__Task brief__. Give again, exactly as written, the lines of the records below from the line with "this 1600×1067 image." to the line with "Some of the text". Both end lines count; pictures do not.

__Data provided__.
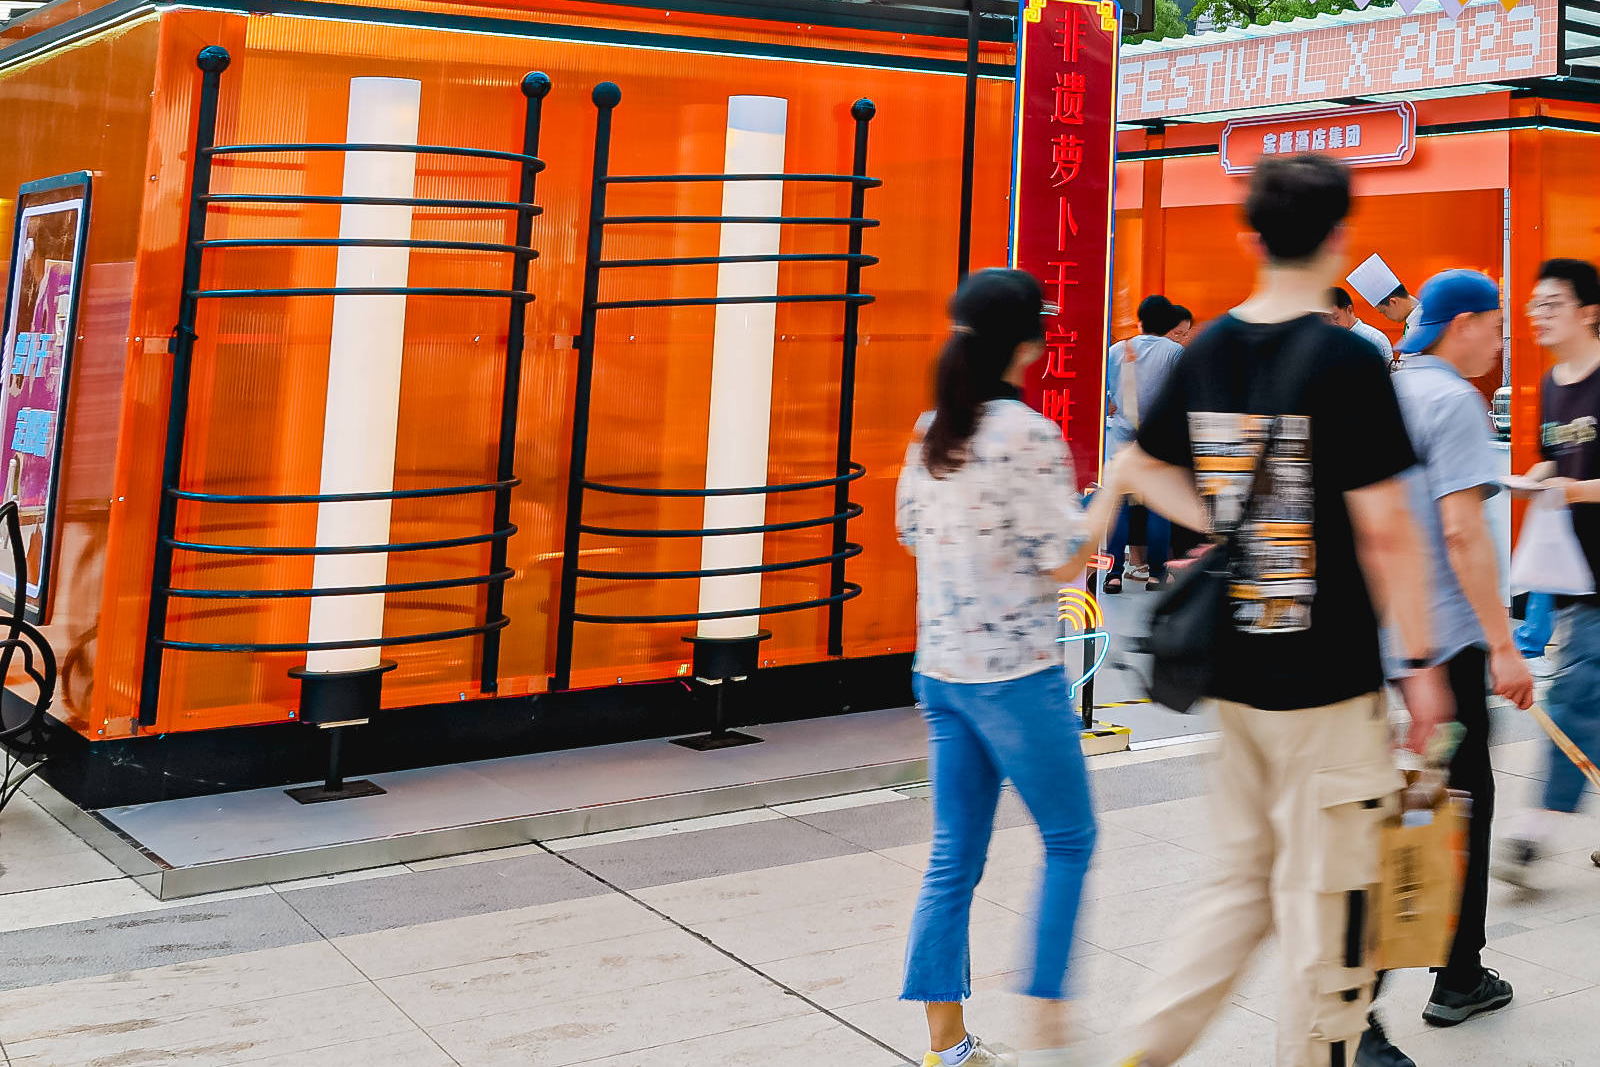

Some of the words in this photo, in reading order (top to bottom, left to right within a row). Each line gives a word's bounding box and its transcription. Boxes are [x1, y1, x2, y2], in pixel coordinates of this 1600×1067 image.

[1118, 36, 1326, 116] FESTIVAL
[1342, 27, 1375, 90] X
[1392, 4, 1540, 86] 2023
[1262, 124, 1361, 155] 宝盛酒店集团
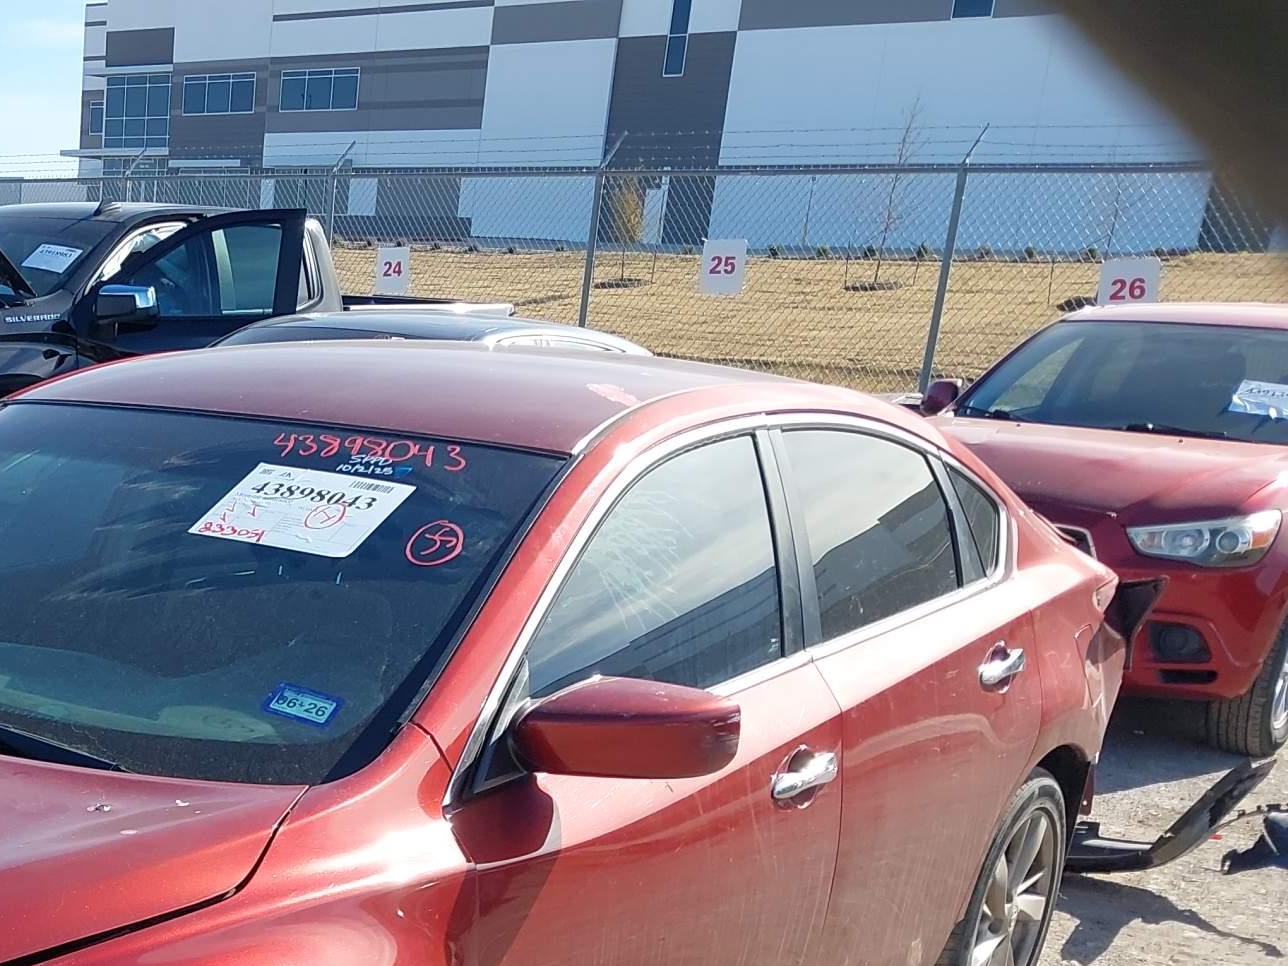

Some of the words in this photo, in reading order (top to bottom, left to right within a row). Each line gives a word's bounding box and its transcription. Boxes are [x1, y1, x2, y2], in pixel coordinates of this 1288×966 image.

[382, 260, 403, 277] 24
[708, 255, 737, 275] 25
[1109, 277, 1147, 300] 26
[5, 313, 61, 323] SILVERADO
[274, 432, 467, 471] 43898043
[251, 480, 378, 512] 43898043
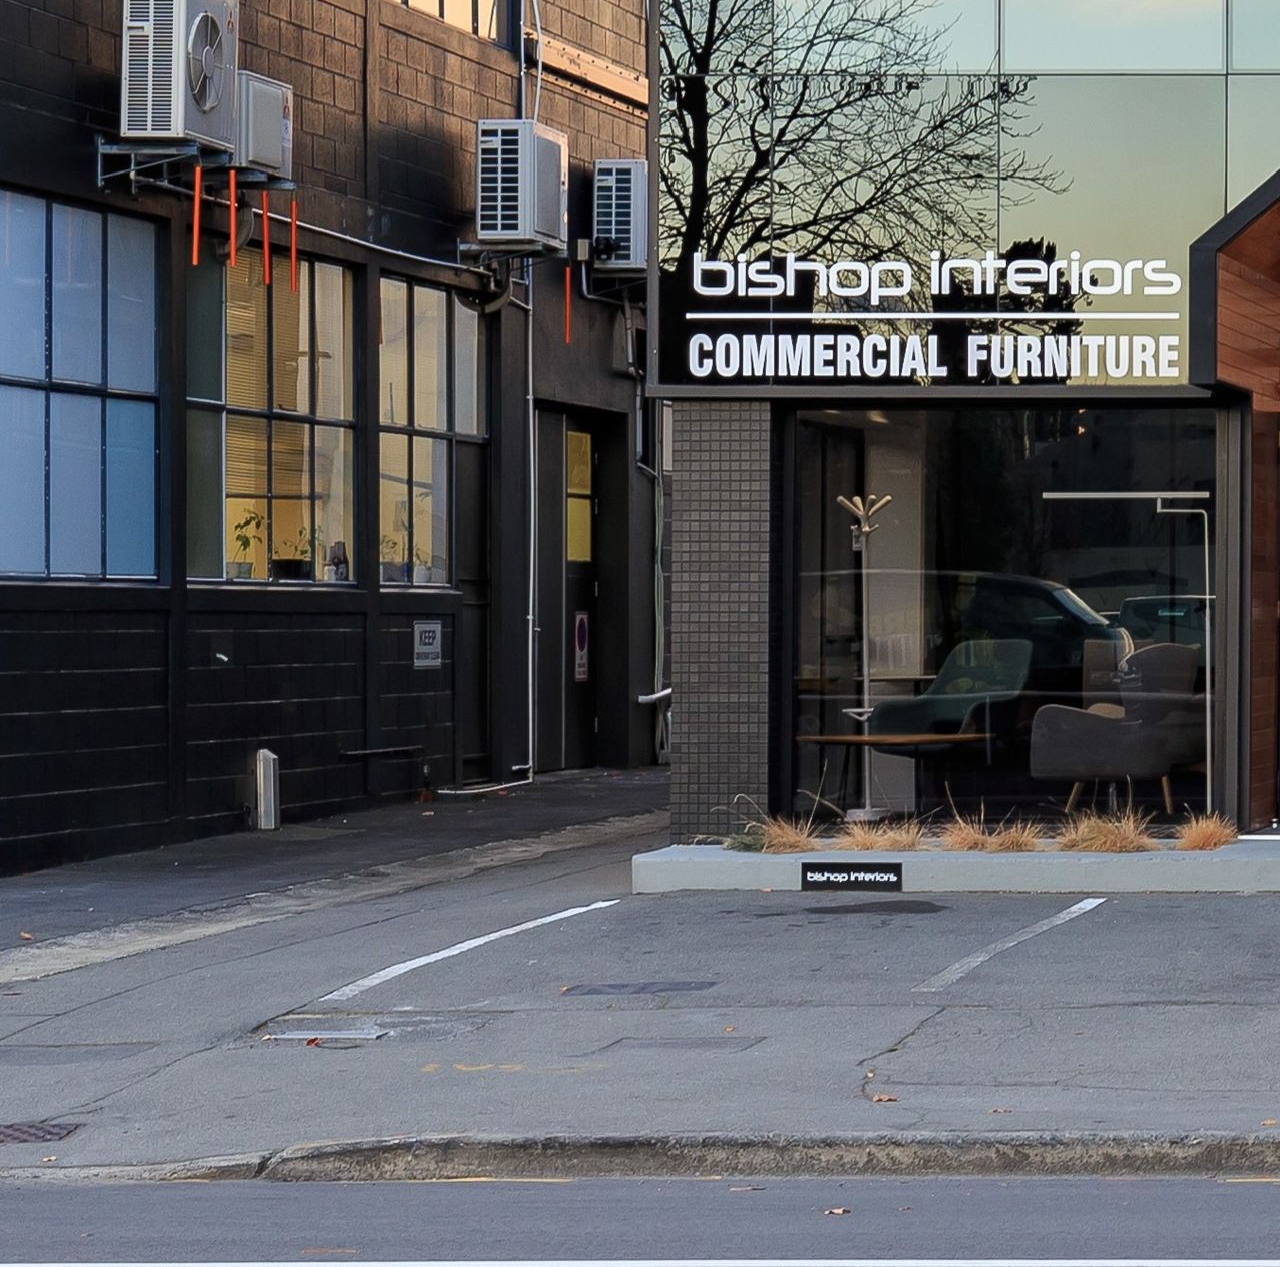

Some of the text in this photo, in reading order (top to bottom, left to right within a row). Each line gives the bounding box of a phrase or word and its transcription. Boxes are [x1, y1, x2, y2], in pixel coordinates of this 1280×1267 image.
==
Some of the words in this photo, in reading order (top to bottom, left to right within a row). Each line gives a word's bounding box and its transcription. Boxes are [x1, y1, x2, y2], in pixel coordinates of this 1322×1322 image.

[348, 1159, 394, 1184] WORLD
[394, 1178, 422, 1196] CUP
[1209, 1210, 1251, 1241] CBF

__Output for this exercise__.
Some of the words in this photo, in reading order (top to bottom, left to right within a row). Each line gives a word's bounding box and its transcription. Boxes are [x1, y1, x2, y2], in pixel coordinates of this 1600×1067 image.

[1118, 36, 1326, 116] FESTIVAL
[1342, 27, 1375, 90] X
[1392, 4, 1540, 86] 2023
[1262, 124, 1361, 155] 宝盛酒店集团

Some of the words in this photo, in reading order (top to bottom, left to right within a row). Each line gives a word's bounding box and its transcription. Boxes are [x1, y1, x2, y2], in pixel coordinates of this 1288×966 image.

[382, 260, 403, 277] 24
[708, 255, 737, 275] 25
[1109, 277, 1147, 300] 26
[5, 313, 61, 323] SILVERADO
[274, 432, 467, 471] 43898043
[251, 480, 378, 512] 43898043

Some of the text in this photo, in reading order (top to bottom, left to right within a row). Each line gives the bounding box of a phrase or word and its transcription. Boxes are [x1, y1, x2, y2], in pixel coordinates of this 1280×1267 image.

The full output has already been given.